__Free-text object descriptions__.
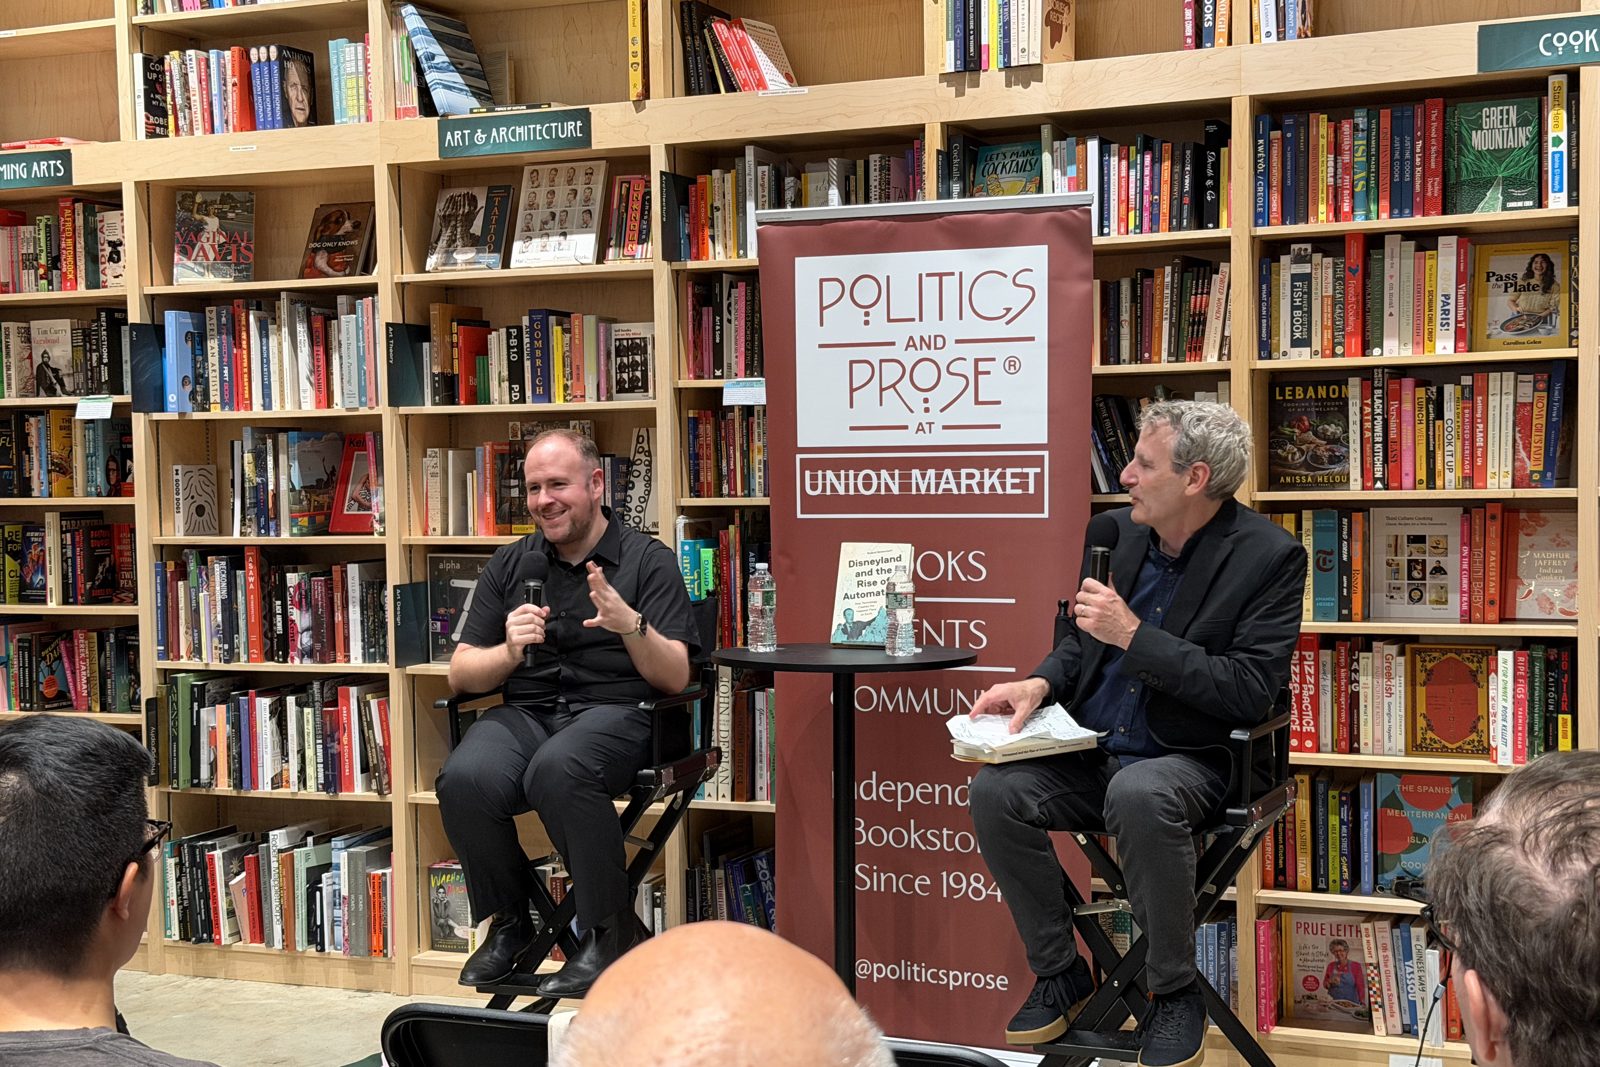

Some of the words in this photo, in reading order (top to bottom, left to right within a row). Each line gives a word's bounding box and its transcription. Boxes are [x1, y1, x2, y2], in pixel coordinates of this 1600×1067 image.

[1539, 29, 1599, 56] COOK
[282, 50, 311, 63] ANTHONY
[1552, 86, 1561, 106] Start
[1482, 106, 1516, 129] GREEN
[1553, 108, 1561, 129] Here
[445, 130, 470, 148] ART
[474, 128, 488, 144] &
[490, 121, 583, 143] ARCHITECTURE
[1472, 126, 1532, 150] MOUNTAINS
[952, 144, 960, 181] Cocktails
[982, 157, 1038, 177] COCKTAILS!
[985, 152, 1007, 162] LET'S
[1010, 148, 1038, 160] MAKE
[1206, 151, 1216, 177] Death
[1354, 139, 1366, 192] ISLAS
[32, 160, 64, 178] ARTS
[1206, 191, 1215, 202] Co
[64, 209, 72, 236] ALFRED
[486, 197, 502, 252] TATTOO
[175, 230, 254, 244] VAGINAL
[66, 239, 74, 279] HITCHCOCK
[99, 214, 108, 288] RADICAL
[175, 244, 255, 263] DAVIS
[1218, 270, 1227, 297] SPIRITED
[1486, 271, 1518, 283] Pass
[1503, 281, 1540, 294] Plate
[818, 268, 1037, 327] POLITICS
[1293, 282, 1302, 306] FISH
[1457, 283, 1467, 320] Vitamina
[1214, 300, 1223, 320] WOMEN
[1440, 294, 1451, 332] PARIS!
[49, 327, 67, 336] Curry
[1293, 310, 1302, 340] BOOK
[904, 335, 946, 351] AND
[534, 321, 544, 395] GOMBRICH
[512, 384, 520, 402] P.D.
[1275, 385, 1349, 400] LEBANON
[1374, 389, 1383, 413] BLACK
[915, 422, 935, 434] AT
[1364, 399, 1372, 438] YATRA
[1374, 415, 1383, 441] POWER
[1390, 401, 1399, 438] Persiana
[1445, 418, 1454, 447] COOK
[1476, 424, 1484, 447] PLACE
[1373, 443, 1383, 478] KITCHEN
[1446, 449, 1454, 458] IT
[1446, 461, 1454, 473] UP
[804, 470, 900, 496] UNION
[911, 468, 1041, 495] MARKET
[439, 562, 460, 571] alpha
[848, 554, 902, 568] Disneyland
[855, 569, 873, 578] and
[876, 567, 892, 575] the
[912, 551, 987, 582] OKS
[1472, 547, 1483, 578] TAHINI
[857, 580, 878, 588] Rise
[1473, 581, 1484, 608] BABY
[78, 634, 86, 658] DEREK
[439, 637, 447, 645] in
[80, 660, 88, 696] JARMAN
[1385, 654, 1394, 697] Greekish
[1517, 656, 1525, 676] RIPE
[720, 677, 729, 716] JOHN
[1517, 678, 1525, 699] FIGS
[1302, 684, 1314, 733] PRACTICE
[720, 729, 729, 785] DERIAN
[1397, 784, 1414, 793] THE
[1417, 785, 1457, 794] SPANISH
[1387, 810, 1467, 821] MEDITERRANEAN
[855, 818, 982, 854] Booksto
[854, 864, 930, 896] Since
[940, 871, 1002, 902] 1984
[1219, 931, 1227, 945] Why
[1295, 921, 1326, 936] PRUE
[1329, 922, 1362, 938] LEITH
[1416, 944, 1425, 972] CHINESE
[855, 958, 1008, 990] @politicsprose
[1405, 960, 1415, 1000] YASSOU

__Your task__.
Print each entry precisely as written; the pictures stay out.

__Answer space__.
Some of the words in this photo, in reading order (top to bottom, left to right within a row). Each line gives a word's bounding box and its transcription. Boxes are [x1, y1, x2, y2], in pixel coordinates of this 1600×1067 image.

[1539, 29, 1599, 56] COOK
[282, 50, 311, 63] ANTHONY
[1552, 86, 1561, 106] Start
[1482, 106, 1516, 129] GREEN
[1553, 108, 1561, 129] Here
[445, 130, 470, 148] ART
[474, 128, 488, 144] &
[490, 121, 583, 143] ARCHITECTURE
[1472, 126, 1532, 150] MOUNTAINS
[952, 144, 960, 181] Cocktails
[982, 157, 1038, 177] COCKTAILS!
[985, 152, 1007, 162] LET'S
[1010, 148, 1038, 160] MAKE
[1206, 151, 1216, 177] Death
[1354, 139, 1366, 192] ISLAS
[32, 160, 64, 178] ARTS
[1206, 191, 1215, 202] Co
[64, 209, 72, 236] ALFRED
[486, 197, 502, 252] TATTOO
[175, 230, 254, 244] VAGINAL
[66, 239, 74, 279] HITCHCOCK
[99, 214, 108, 288] RADICAL
[175, 244, 255, 263] DAVIS
[1218, 270, 1227, 297] SPIRITED
[1486, 271, 1518, 283] Pass
[1503, 281, 1540, 294] Plate
[818, 268, 1037, 327] POLITICS
[1293, 282, 1302, 306] FISH
[1457, 283, 1467, 320] Vitamina
[1214, 300, 1223, 320] WOMEN
[1440, 294, 1451, 332] PARIS!
[49, 327, 67, 336] Curry
[1293, 310, 1302, 340] BOOK
[904, 335, 946, 351] AND
[534, 321, 544, 395] GOMBRICH
[512, 384, 520, 402] P.D.
[1275, 385, 1349, 400] LEBANON
[1374, 389, 1383, 413] BLACK
[915, 422, 935, 434] AT
[1364, 399, 1372, 438] YATRA
[1374, 415, 1383, 441] POWER
[1390, 401, 1399, 438] Persiana
[1445, 418, 1454, 447] COOK
[1476, 424, 1484, 447] PLACE
[1373, 443, 1383, 478] KITCHEN
[1446, 449, 1454, 458] IT
[1446, 461, 1454, 473] UP
[804, 470, 900, 496] UNION
[911, 468, 1041, 495] MARKET
[439, 562, 460, 571] alpha
[848, 554, 902, 568] Disneyland
[855, 569, 873, 578] and
[876, 567, 892, 575] the
[912, 551, 987, 582] OKS
[1472, 547, 1483, 578] TAHINI
[857, 580, 878, 588] Rise
[1473, 581, 1484, 608] BABY
[78, 634, 86, 658] DEREK
[439, 637, 447, 645] in
[80, 660, 88, 696] JARMAN
[1385, 654, 1394, 697] Greekish
[1517, 656, 1525, 676] RIPE
[720, 677, 729, 716] JOHN
[1517, 678, 1525, 699] FIGS
[1302, 684, 1314, 733] PRACTICE
[720, 729, 729, 785] DERIAN
[1397, 784, 1414, 793] THE
[1417, 785, 1457, 794] SPANISH
[1387, 810, 1467, 821] MEDITERRANEAN
[855, 818, 982, 854] Booksto
[854, 864, 930, 896] Since
[940, 871, 1002, 902] 1984
[1219, 931, 1227, 945] Why
[1295, 921, 1326, 936] PRUE
[1329, 922, 1362, 938] LEITH
[1416, 944, 1425, 972] CHINESE
[855, 958, 1008, 990] @politicsprose
[1405, 960, 1415, 1000] YASSOU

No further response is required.